*** Begin section ***
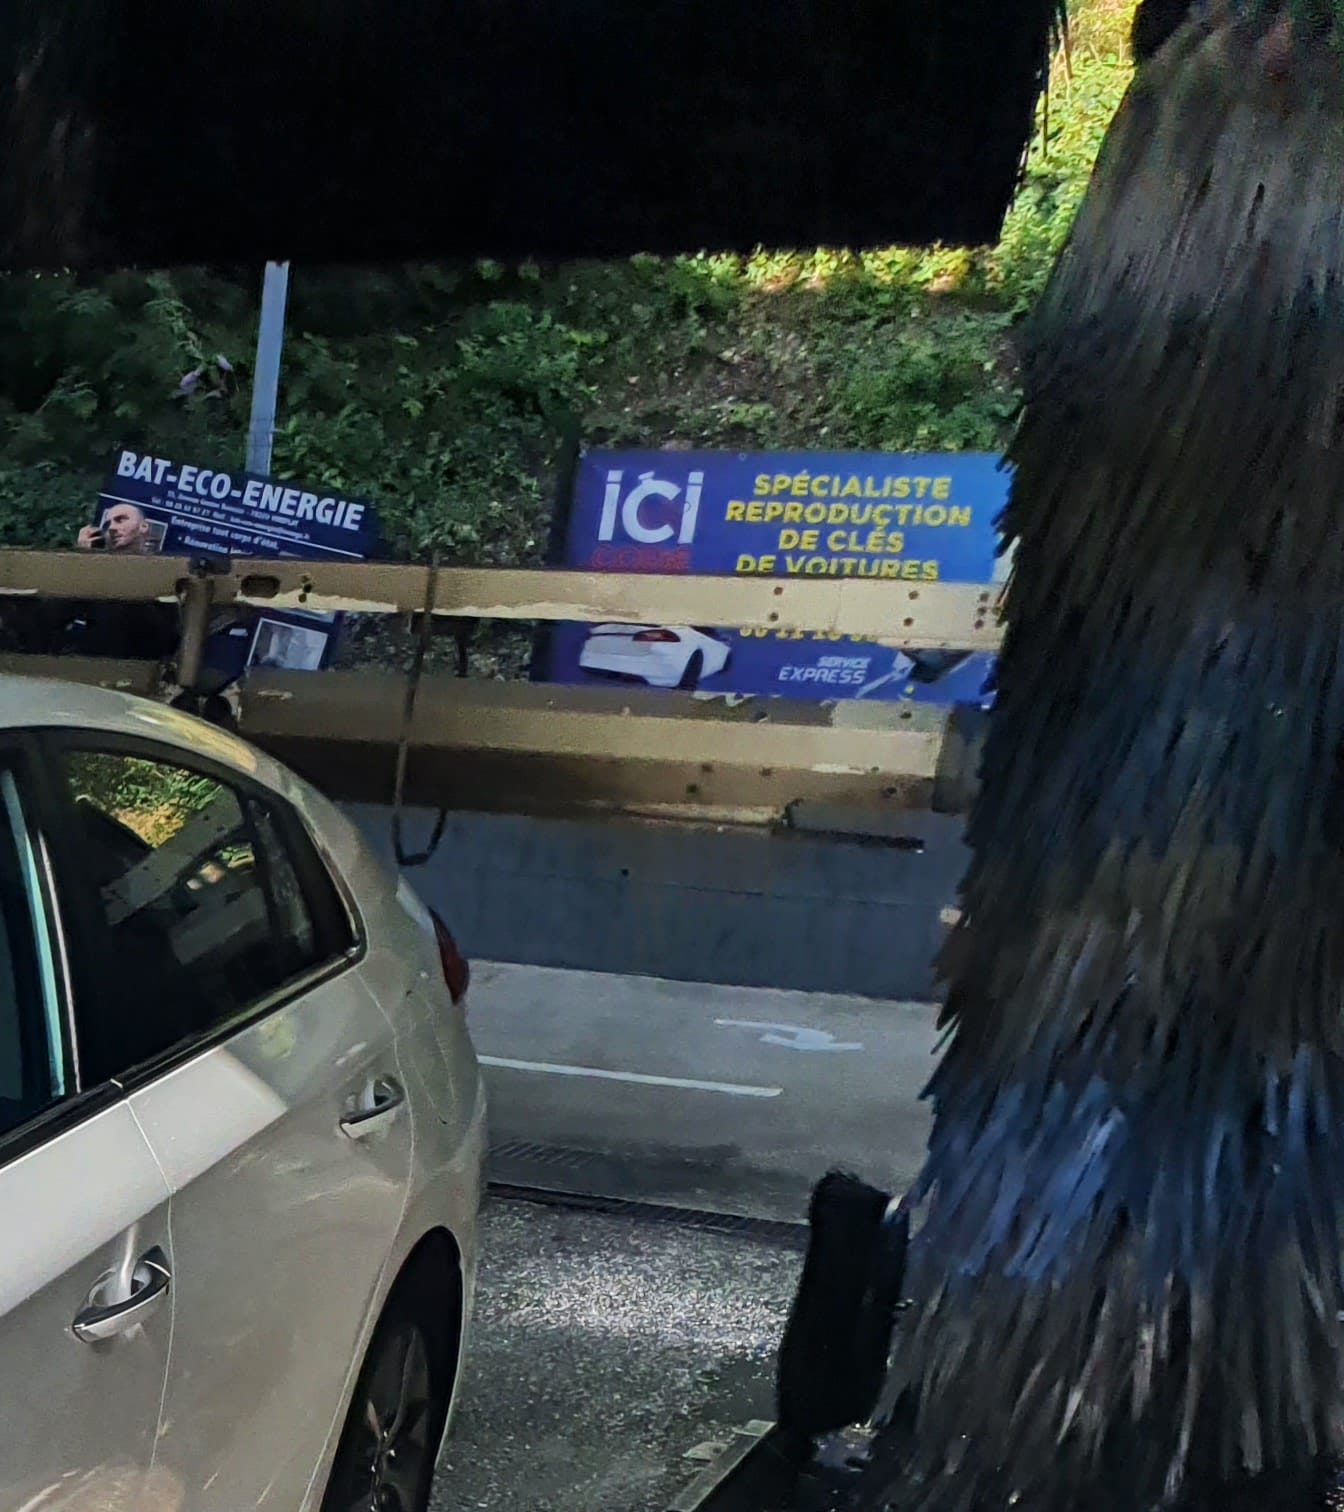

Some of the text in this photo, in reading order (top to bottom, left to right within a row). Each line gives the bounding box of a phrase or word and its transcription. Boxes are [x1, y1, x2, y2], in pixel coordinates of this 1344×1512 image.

[117, 451, 365, 531] BAT-ECO-ENERGIE
[753, 469, 953, 500] SPÉCIALISTE
[725, 500, 973, 527] REPRODUCTION
[778, 525, 905, 554] DE CLÉS
[736, 556, 940, 581] DE VOITURES
[778, 666, 867, 684] EXPRESS
*** End section ***
** DIRECTIONS **
Without including any pictures, reproduce the data exactly.

** RESULT BELOW **
Some of the text in this photo, in reading order (top to bottom, left to right within a row). Each line gives the bounding box of a phrase or word and its transcription. Boxes are [x1, y1, x2, y2], in pixel coordinates of this 1344×1512 image.

[117, 451, 365, 531] BAT-ECO-ENERGIE
[753, 469, 953, 500] SPÉCIALISTE
[725, 500, 973, 527] REPRODUCTION
[778, 525, 905, 554] DE CLÉS
[736, 556, 940, 581] DE VOITURES
[778, 666, 867, 684] EXPRESS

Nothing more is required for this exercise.